Task prompt » Give the data again word for word; drop the pictures.

Exercise materials »
⁂

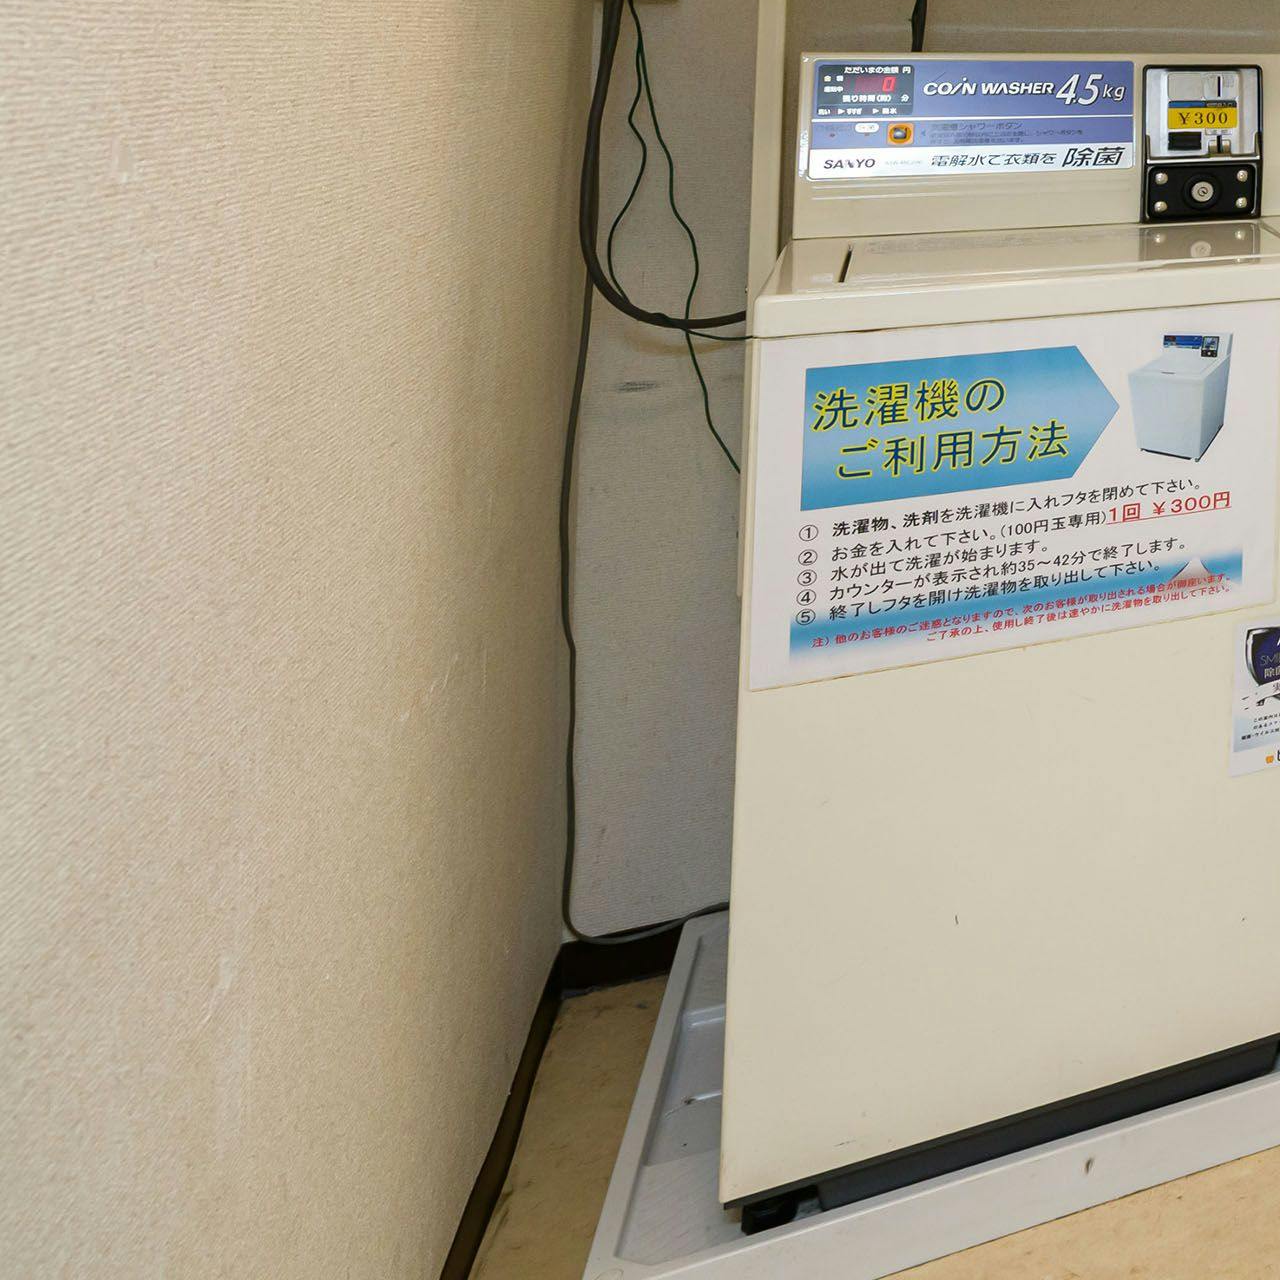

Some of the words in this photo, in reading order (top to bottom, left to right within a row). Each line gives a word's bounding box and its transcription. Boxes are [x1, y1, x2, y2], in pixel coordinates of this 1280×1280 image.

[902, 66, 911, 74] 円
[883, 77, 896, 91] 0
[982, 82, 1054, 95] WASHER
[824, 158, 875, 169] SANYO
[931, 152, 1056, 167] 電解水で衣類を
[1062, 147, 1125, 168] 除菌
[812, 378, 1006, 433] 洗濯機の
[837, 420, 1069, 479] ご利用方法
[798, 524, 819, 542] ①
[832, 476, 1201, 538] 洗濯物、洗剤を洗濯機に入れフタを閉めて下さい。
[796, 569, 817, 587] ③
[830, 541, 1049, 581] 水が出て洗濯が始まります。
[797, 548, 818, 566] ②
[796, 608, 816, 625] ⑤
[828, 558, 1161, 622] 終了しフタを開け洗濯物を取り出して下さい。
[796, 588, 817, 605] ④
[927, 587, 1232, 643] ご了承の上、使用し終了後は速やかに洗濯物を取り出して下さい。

⁂

Output for this exercise »
Some of the words in this photo, in reading order (top to bottom, left to right within a row). Each line gives a word's bounding box and its transcription. Boxes are [x1, y1, x2, y2], in pixel coordinates of this 1280×1280 image.

[902, 66, 911, 74] 円
[883, 77, 896, 91] 0
[982, 82, 1054, 95] WASHER
[824, 158, 875, 169] SANYO
[931, 152, 1056, 167] 電解水で衣類を
[1062, 147, 1125, 168] 除菌
[812, 378, 1006, 433] 洗濯機の
[837, 420, 1069, 479] ご利用方法
[798, 524, 819, 542] ①
[832, 476, 1201, 538] 洗濯物、洗剤を洗濯機に入れフタを閉めて下さい。
[796, 569, 817, 587] ③
[830, 541, 1049, 581] 水が出て洗濯が始まります。
[797, 548, 818, 566] ②
[796, 608, 816, 625] ⑤
[828, 558, 1161, 622] 終了しフタを開け洗濯物を取り出して下さい。
[796, 588, 817, 605] ④
[927, 587, 1232, 643] ご了承の上、使用し終了後は速やかに洗濯物を取り出して下さい。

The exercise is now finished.